Market Makers vs Small Investors

Equity stock market continues to retreat in this week. Last week's sharp decline in commodities price reduces the interest of some investors who plan to buy stocks after the pullback but to postpone until further drop to make it more attractive. Hedge funds seem to have finished with commodities liquidation and the price of the latter has stabilized. With fewer buyers, market makers can easily drag down equity stocks without heavy selling. On the other hand, investors do not follow with panic selling and continue to hold on with existing portfolio. Speculating day traders are finding opportunities in this highly manipulative market.

From observation of hedge funds strategy in the past few months, it appears to be accumulating when the market is calm and then a quick sale for profit taking. This has already happened on equity stocks early in the year and then commodities recently. The next guess would be the bond market. As investors are hungry for return but avoiding equity stocks, the demand for junk bonds increases recently. When Federal Reserve bond buying program ends in June, the impact on bond market can be exploited by hedge funds as well as market makers to manipulate the market for profit. A logical thinking would be a drop in the market. However, market participants have learned not to sell in a panic, as seen in the equity stocks and commodities market pullback.
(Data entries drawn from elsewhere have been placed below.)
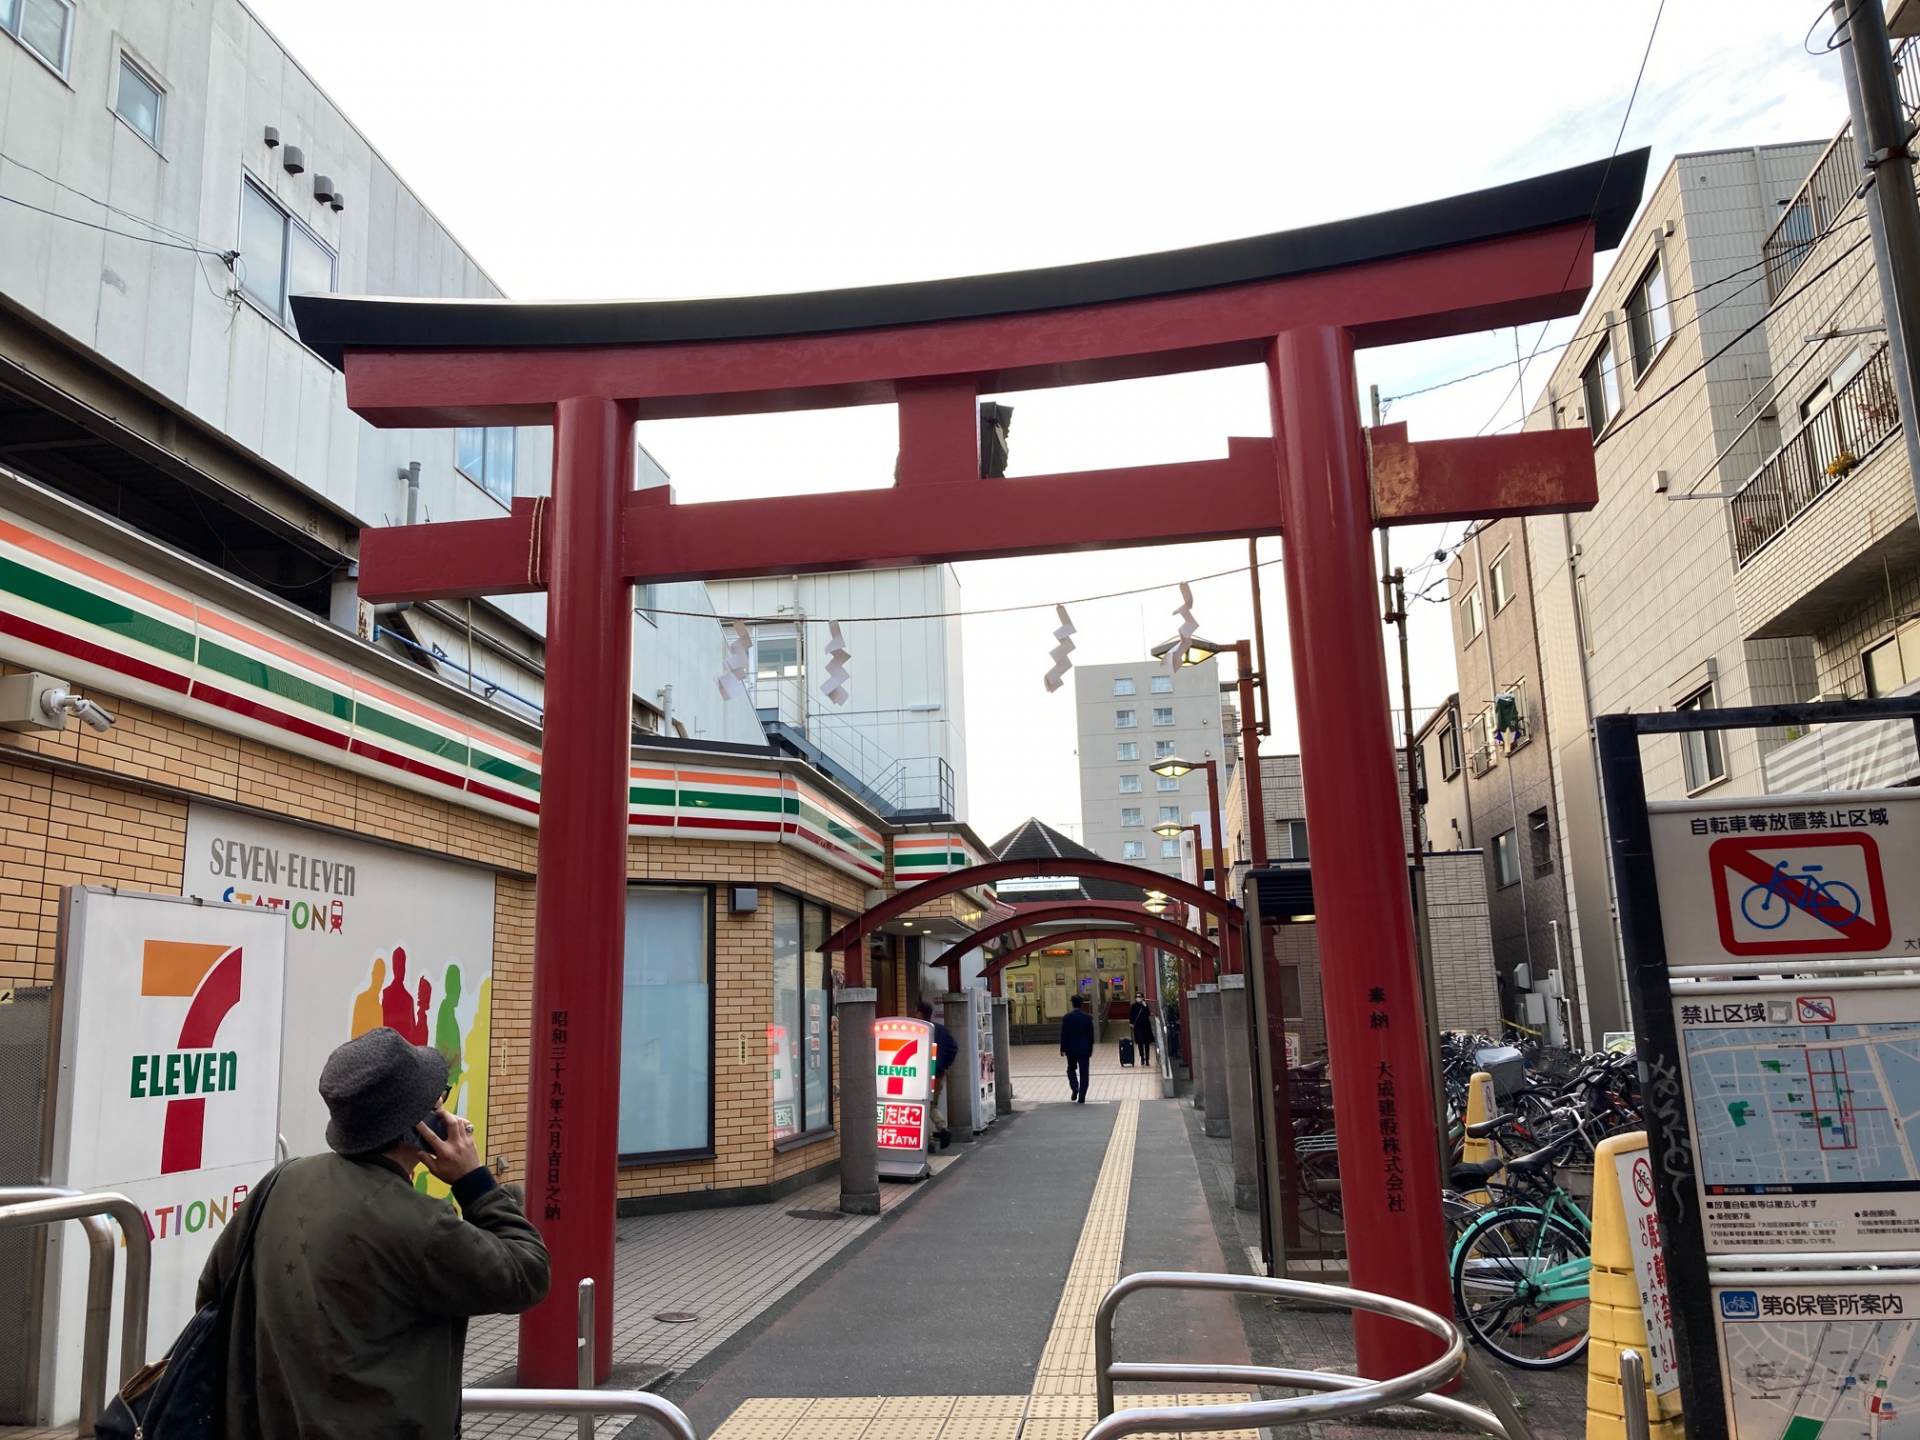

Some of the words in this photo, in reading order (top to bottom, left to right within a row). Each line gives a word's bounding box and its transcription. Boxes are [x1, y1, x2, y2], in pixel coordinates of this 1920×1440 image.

[1690, 808, 1889, 835] 自転車等放置禁止区域
[1904, 938, 1920, 950] 大
[1680, 1003, 1767, 1025] 禁止区域
[140, 939, 243, 1175] 7
[886, 1106, 921, 1126] たばこ
[1761, 1294, 1904, 1316] 第6保管所案内
[1646, 1261, 1671, 1374] PARKING
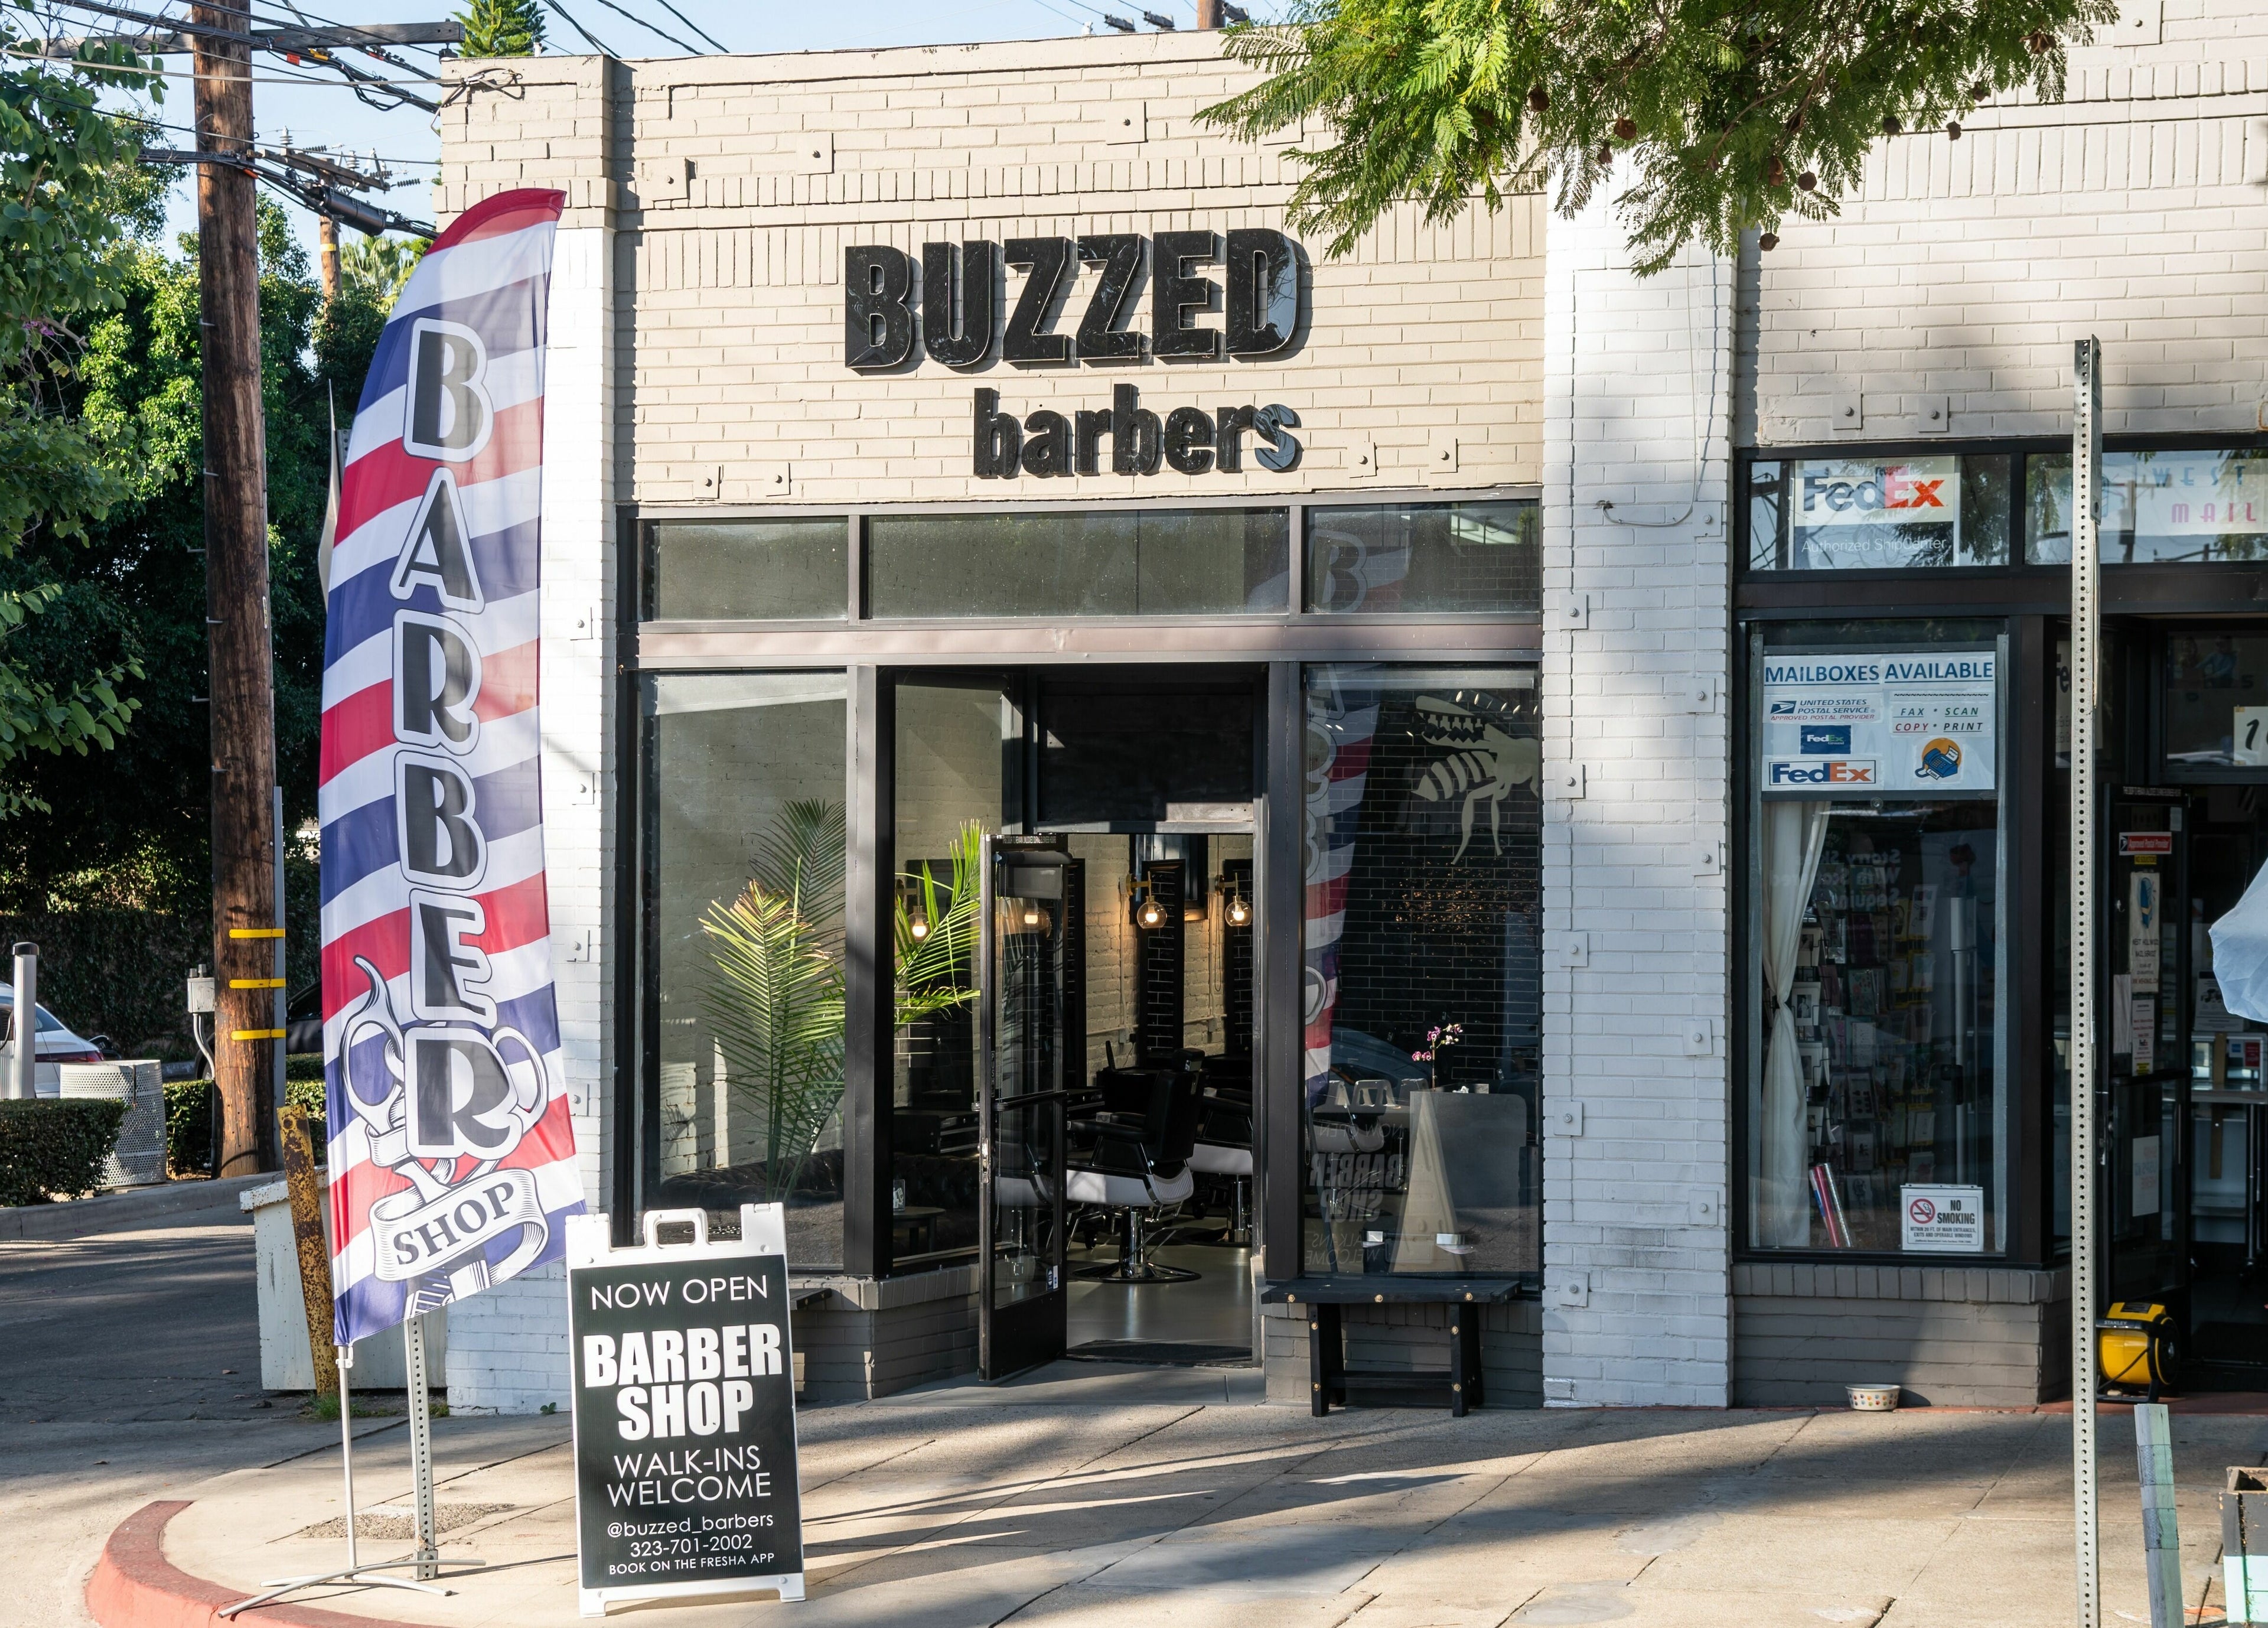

Therefore market may react with a pullback but not a collapse. Although Federal Reserve "Quantitative Easing" program comes to an end, it is likely to maintain the balance sheet and not to withdraw capital from financial market in order to revive economic activities. Looking forward, as the worry of Federal Reserve balance sheet cutback is cleared, investors will restructure the portfolio, in favor of assets purchase rather than money market.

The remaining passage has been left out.